Where it doesn’t mean you’re going to do everything they say, I’m not going to jump in a camper tomorrow, but you’re open to listening to what the person is offering you with an open heart, and taking that into consideration when you make any decision about the thing.
So, you don’t need to agree on everything. You don’t need to be the same on everything. You don’t need any of those things. You just need to be open genuinely. Now, sometimes we let things get in the way of that openness, and then that’s the work that you work with Life Coaches and people like us to work through within the way of that. But I am open to influence on this matter.
Alexander James:
See, and here’s the thing, being open to influence is the other side of the coin of what we were talking about earlier. Right?
Maggie Reyes:
Yeah.
Alexander James:
So, there’s one person who… It’s the other side of the let me check on that. Right?
Maggie Reyes:
Yes, yes.
Alexander James:
It’s the you know I’m willing to be in intimacy with you because I am open. I’m not going to close down to the idea. Right? I’m going to be open to influence. That doesn’t mean I’m going to do it, but it means I’m open to listening and being in connection, and even if we don’t end up doing the thing, at least we get to be in connection around if we’re going to do it or not, as opposed to it just being a brick wall. Right?
Maggie Reyes:
Yeah. Yes.
Alexander James:
And those are actually my favorite moments in relationships.
Maggie Reyes:
Yeah. Right?
Alexander James:
I love the banter.
Maggie Reyes:
Tell us why.
Alexander James:
Okay. And so, this was the thing that happens. So, I was dating this guy and he was like a yes-ma’am to put it lightly. It was like anything I wanted to do, he wanted to do it. Any opinion I had, he agreed with it. Any restaurant, I was like, “Ooh, I feel like Mexican,” he’s like, “Oh yeah, Mexican sounds great.” I started catching on and then I started kind of falling the ball to him every once in a while and being like, “Yeah, so what do you want to eat tonight?” Right?
Maggie Reyes:
Yeah.
Alexander James:
It was mind-blowing, Maggie. He was a master. He didn’t even realize he was doing it, but he’d be like, “Ah, hmm, well, how hungry are you?” And I’d be like, “Oh, I’m very hungry.” He’d like, “Ooh, it sounds like you want something really filling, yeah.” And he’s like, “Well, what sounds really filling to you?”

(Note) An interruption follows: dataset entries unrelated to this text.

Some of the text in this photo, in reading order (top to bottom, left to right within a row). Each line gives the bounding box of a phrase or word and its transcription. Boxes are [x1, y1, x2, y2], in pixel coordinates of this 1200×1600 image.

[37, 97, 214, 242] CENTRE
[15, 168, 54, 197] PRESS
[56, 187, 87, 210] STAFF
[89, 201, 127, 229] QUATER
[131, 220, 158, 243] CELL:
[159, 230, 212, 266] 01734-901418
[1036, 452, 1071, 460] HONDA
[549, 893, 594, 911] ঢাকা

And he would turn it back around always, and it would always be my decision, and it started freaking me out and I was like, “What’s going on here?” And I realized, “I think he’s afraid of breaking closeness. I think he’s afraid if he has an opinion,” of course, subconsciously, “he’s afraid if he has a strong opinion or has a strong whatever that it’s going to break our closeness,” when in reality, I wanted to get to know him.

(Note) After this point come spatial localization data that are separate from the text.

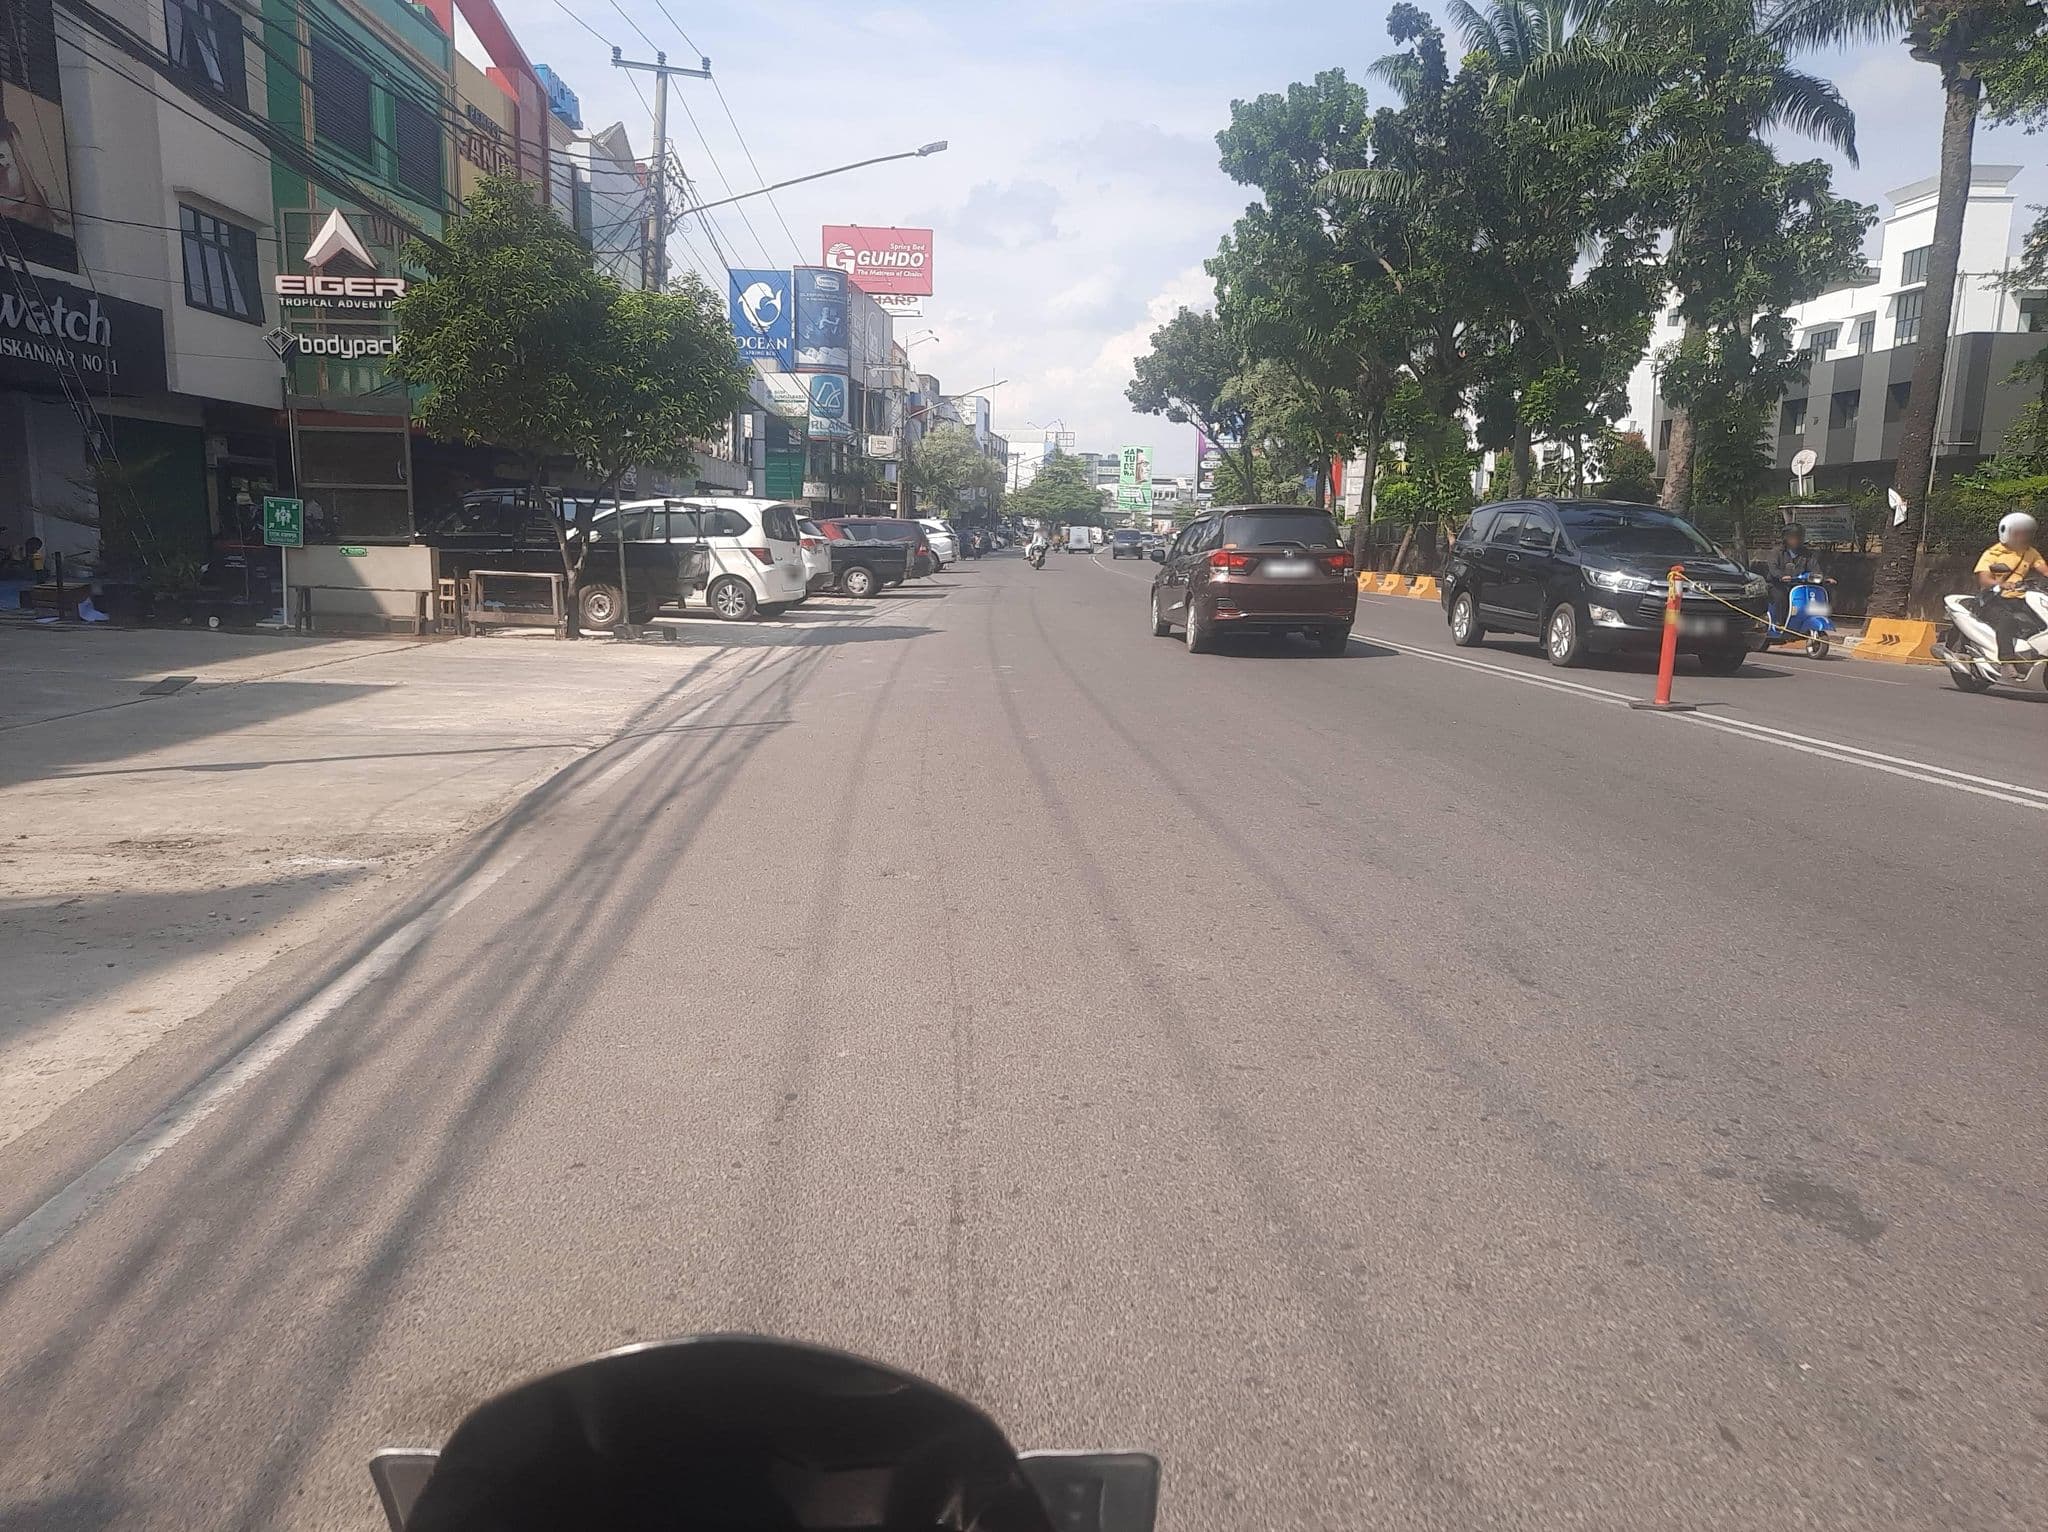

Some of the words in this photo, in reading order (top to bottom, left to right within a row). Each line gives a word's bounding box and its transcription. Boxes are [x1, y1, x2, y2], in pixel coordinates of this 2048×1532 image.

[890, 243, 911, 252] Spring
[912, 243, 925, 251] Bed
[857, 250, 925, 267] GUHDO
[275, 274, 407, 297] EIGER
[279, 298, 334, 308] TROPICAL
[338, 300, 396, 310] ADVENTU
[299, 333, 401, 359] bodypack
[735, 336, 788, 350] OCEAN

I wanted to know what he likes to eat. I wanted to please him and know his desires and co-create desire together. And for me, intimacy, there’s so much intimacy in the process of bargaining of like, “Where do you want to go for dinner?”
“Ooh, I want Mexican. Where do you want to go?” “Ooh, I want ramen.” “Ooh, ramen sounds awful to me.” “Oh, they have little fish tacos. You could get that.” “Ooh, well, maybe, but what if you came to the Mexican and we just did da, da, da, dah, and we went for sushi after?”
Being in that creative process of fulfilling both of our desires for me is so fun, and there’s that sway, and like you say, there’s the influence and the opening to be influenced, and it’s like a dance that you do with your partner that if you get really good at it and you have fun with it and you’re lighthearted about it and you’re not taking anything too seriously.
I feel like I always end up making my partners laugh whenever we’re in that because I’m such a little salesman and I’ll do a little five-step presentation on why we should go to this restaurant, and they just laugh. Right? But I didn’t get to have any of that with him because he was just always like, “Yeah, whatever you want, we’ll go.”
Maggie Reyes:
Yeah. Okay. So, is what’s coming up for me that I think is so resonant for every single person listening to this podcast. First of all, everything you said, yes, and I have a lot of clients where they make all the decisions, and it becomes a source of resentfulness and sometimes anger and frustration.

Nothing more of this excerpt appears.